La solitude dans la société de masse
Apparemment, Porté par les marées À l'époque, le film n'avait pas été conçu avec un objectif précis. C'est à partir de fragments filmés au fil du temps avec des objectifs différents, et souvent sans but conscient, que Jia Zhangke a construit son récit, prouvant, une fois de plus, que le montage est le procédé cinématographique par excellence.
Cette poétique des décombres incarne d'une certaine manière formellement ce que la Chine a vécu ces dernières décennies : implosion et reconstruction. En même temps, en intégrant le hasard et l'imprévu à sa propre matière, elle insuffle souffle, vitalité et fraîcheur au drame des protagonistes. Le décor et la figure se reflètent.
Peu d'artistes sont aussi capables que Jia Zhangke de dépeindre l'irréductible solitude de l'individu au cœur de la société de masse de notre époque. Le point culminant, à mon avis, est la sublime séquence finale, qui débute par des retrouvailles silencieuses et fortuites et se termine par une course nocturne collective dans les rues enneigées de Datong.
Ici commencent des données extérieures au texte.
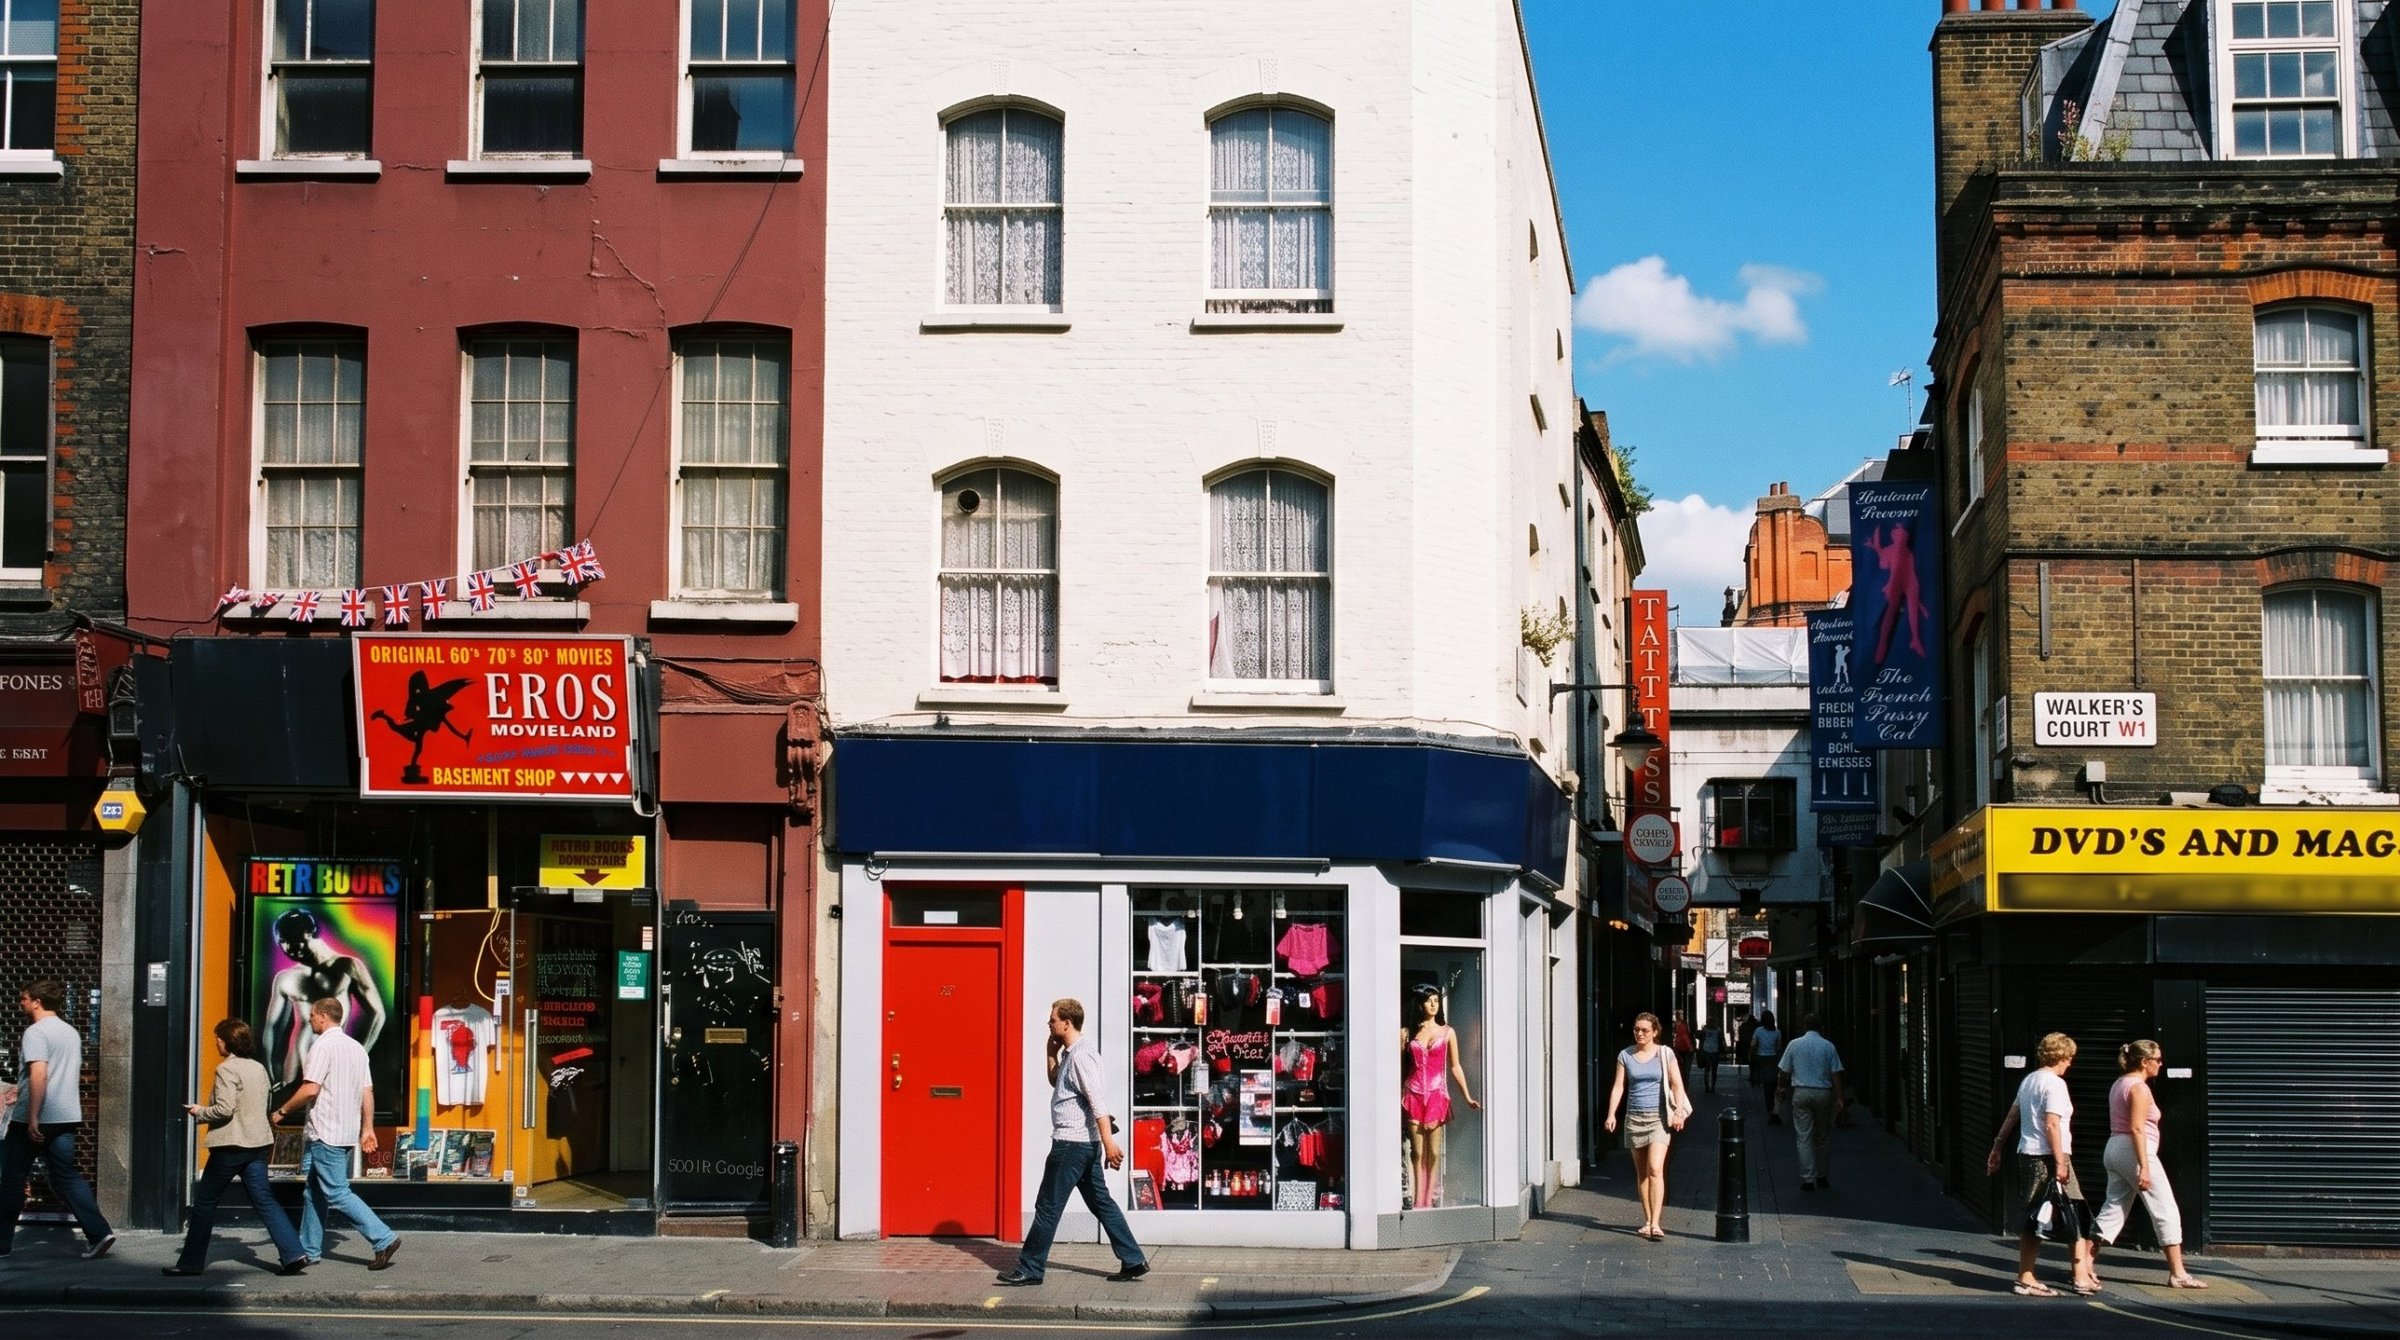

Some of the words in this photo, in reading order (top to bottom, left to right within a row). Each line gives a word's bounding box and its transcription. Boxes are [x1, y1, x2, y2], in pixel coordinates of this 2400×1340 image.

[370, 645, 445, 664] ORIGINAL
[450, 646, 480, 664] 60's
[487, 647, 516, 665] 70's
[556, 647, 613, 665] MOVIES
[1876, 668, 1914, 684] The
[484, 672, 617, 721] EROS
[1865, 704, 1930, 728] Pussy
[2046, 699, 2144, 716] WALKER'S
[491, 723, 617, 738] MOVIELAND
[2047, 720, 2112, 737] COURT
[2118, 720, 2146, 737] W1
[433, 767, 511, 786] BASEMENT
[515, 769, 557, 787] SHOP
[551, 840, 590, 853] RETRO
[594, 841, 635, 853] BOOKS
[2030, 827, 2166, 856] DVD'S
[2178, 829, 2279, 857] AND
[2292, 829, 2400, 858] MAG
[559, 855, 627, 866] DOWNSTAIRS
Un détail que, hypnotisés par l'art de Jia Zhangke, de nombreux spectateurs ne remarqueront peut-être pas : le protagoniste Qiaoqiao ne prononce pas un seul mot tout au long du film.
Un homme de Fenyang
Le documentaire de Walter Salles sur Jia Zhangke révèle magnifiquement à quel point le cinéma du réalisateur chinois est ancré dans son expérience de vie et dans sa relation complexe et douloureuse avec son pays.
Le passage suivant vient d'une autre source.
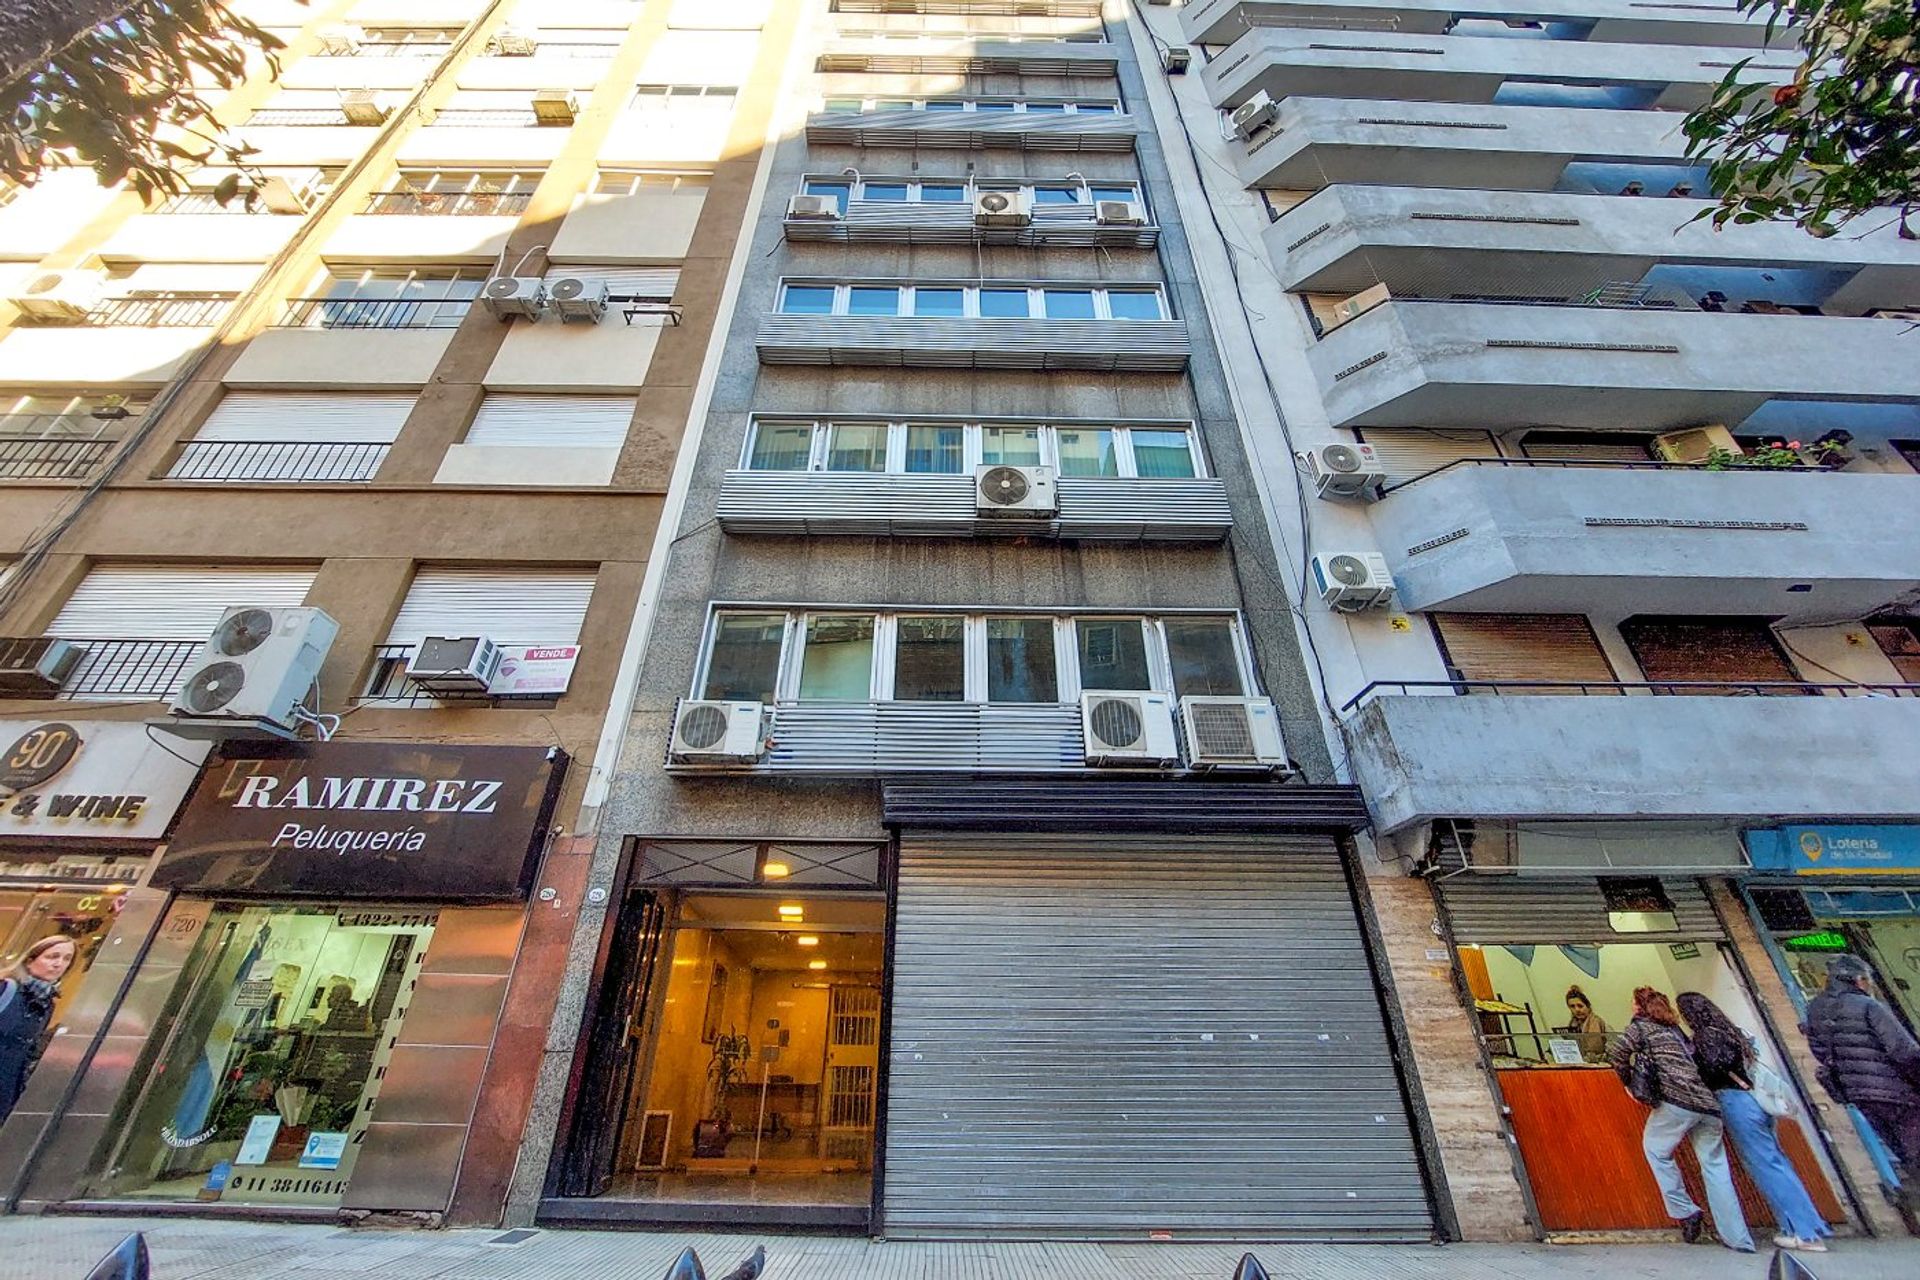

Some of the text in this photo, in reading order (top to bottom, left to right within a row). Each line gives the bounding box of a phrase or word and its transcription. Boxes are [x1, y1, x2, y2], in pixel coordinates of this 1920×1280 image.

Lors d'une visite dans le quartier où il a passé son enfance et son adolescence, à Fenyang, Jia commente les changements que le lieu a subis et, en même temps, rappelle sa biographie familiale, comme le fait que son père, enseignant, a toujours vécu sous surveillance politique, car pendant la Révolution culturelle de Mao Zedong, toute activité intellectuelle était suspecte et la culture occidentale était considérée comme décadente et pernicieuse.
L'autoritarisme de l'État fut également responsable de l'interdiction des premiers films du réalisateur, tels que artisan pickpocket (1997) et Plateau (2000), avant sa renommée internationale. Le documentaire présente des extraits de ces premiers films, qui relatent la vie marginalisée d'une poignée de jeunes – dont beaucoup sont des amis du quartier du réalisateur –, entrecoupés de promenades de Jia en ville, de conférences aux étudiants et de témoignages de collaborateurs (directeur de la photographie, monteur, acteur).
Menées par Walter Salles avec le critique français Jean-Michel Frodon, également co-scénariste, ces multiples conversations constituent un guide précieux pour comprendre le cinéma de Jia Zhangke et ses relations avec ce géant énigmatique et déconcertant qu'est la Chine contemporaine.
*José Géraldo Couto est critique de cinéma. Auteur, entre autres livres, de André Breton (brésilien).
Initialement publié le Blog cinéma de l'Institut Moreira Salles.
Référence
Porté par les marées (Feng Liu Yi Dai).
Chine, 2024, 111 minutes.
Réalisé par : Jia Zhangke.
Acteurs : Zhao Tao, Zhubin Li, Pan Jianlin.